◆ AIM OF THE TASK
Without the pictures, repeat the listing character for character.
*** RECORDS FOR THE TASK ***
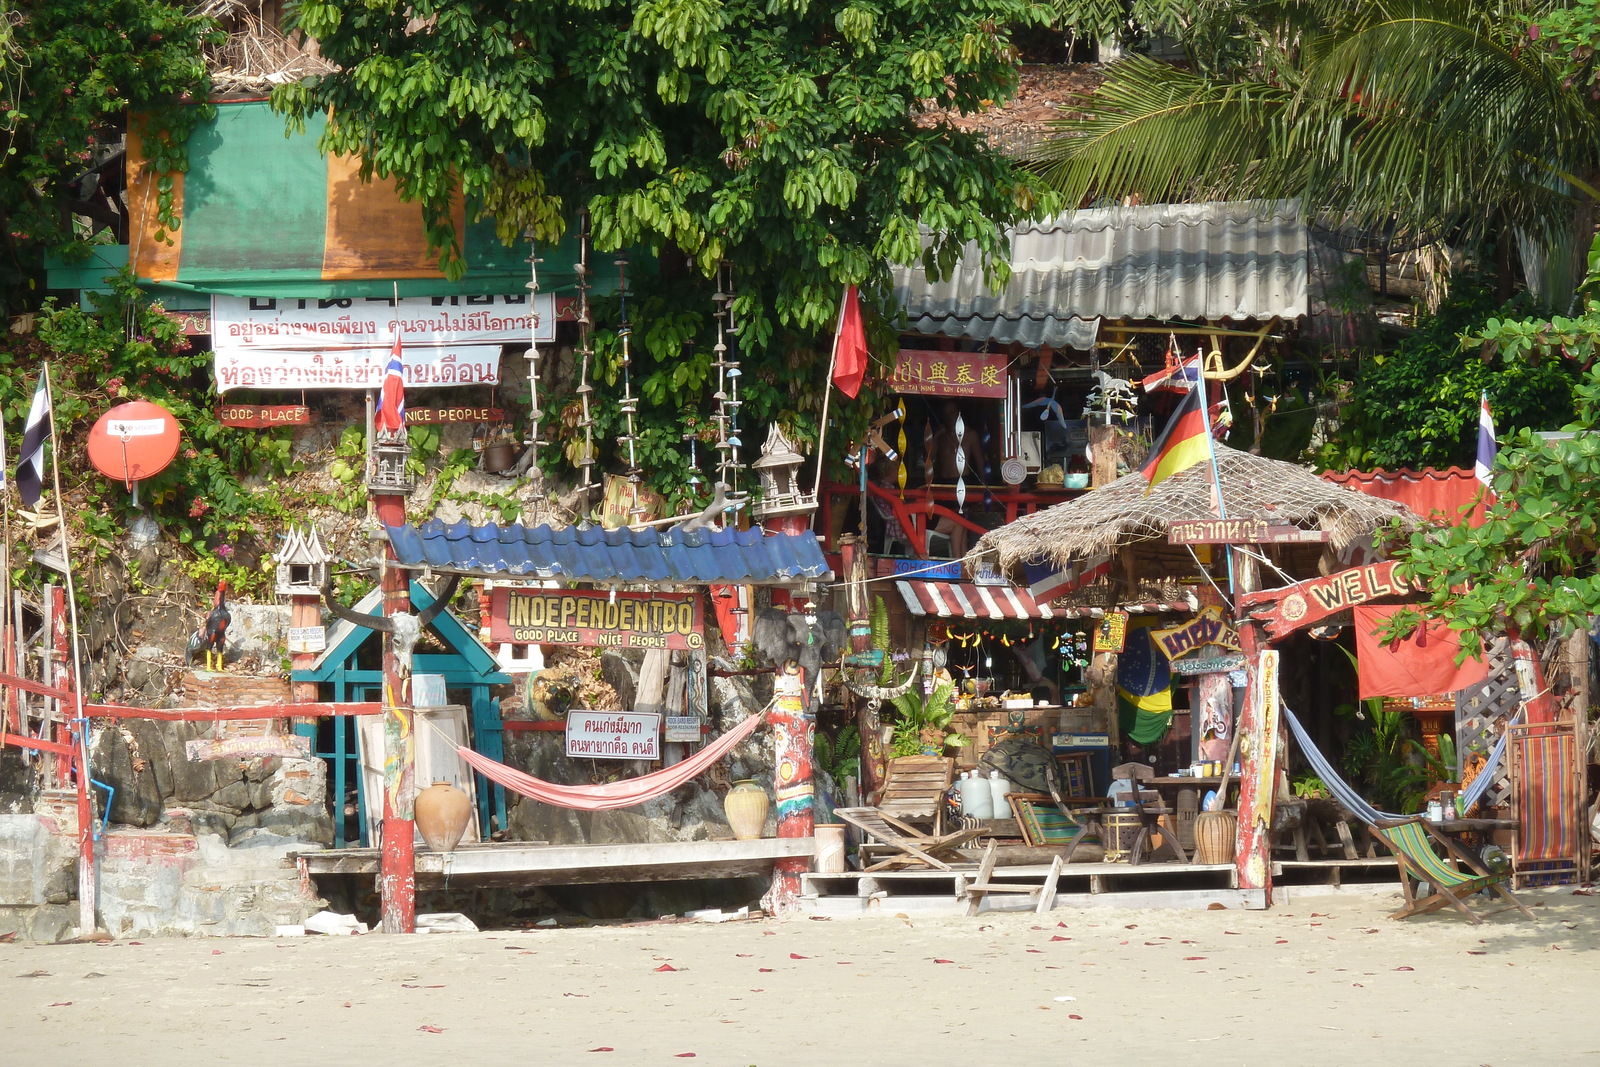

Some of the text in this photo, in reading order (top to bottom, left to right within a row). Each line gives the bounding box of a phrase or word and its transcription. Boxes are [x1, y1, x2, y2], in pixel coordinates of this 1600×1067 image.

[220, 354, 496, 386] ห้องว่างให้เช่าายเดือน
[956, 386, 974, 394] CHANG
[221, 409, 302, 421] GOOD PLACE
[405, 408, 489, 422] NICE PEOPLE
[895, 562, 959, 575] KOH CHANG
[514, 628, 543, 641] GOOD
[547, 630, 579, 643] PLACE
[629, 634, 666, 648] PEOPLE
[584, 716, 642, 734] คนเก่งมีมาก
[570, 735, 654, 755] คนหายากคือ คนดี
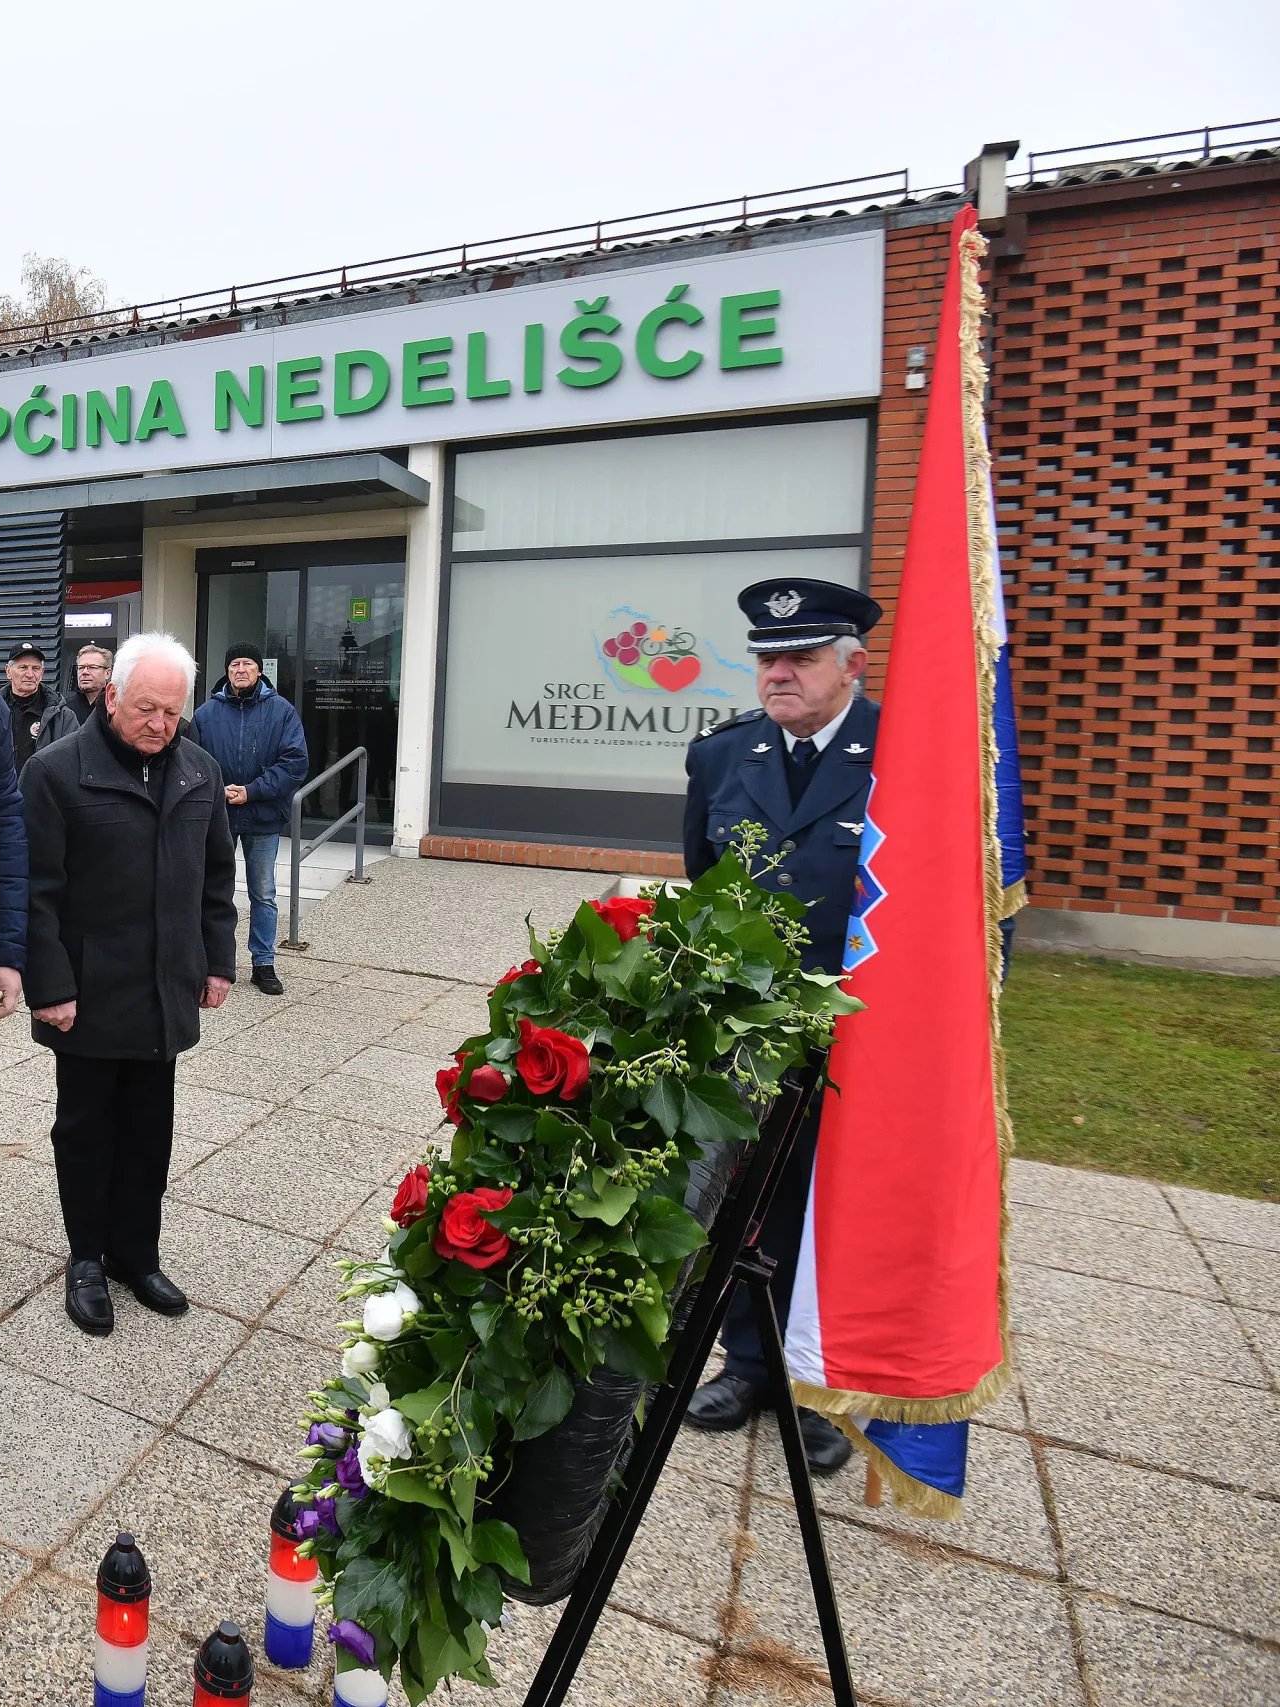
***
◆ SOLUTION
Some of the text in this photo, in reading order (top to bottom, left to right within a row). Each line gives the bounding box of a phrase or word and its transcription. Boxes are [x1, y1, x2, y2], in pixel coordinates of this 1600×1067 image.

[220, 354, 496, 386] ห้องว่างให้เช่าายเดือน
[956, 386, 974, 394] CHANG
[221, 409, 302, 421] GOOD PLACE
[405, 408, 489, 422] NICE PEOPLE
[895, 562, 959, 575] KOH CHANG
[514, 628, 543, 641] GOOD
[547, 630, 579, 643] PLACE
[629, 634, 666, 648] PEOPLE
[584, 716, 642, 734] คนเก่งมีมาก
[570, 735, 654, 755] คนหายากคือ คนดี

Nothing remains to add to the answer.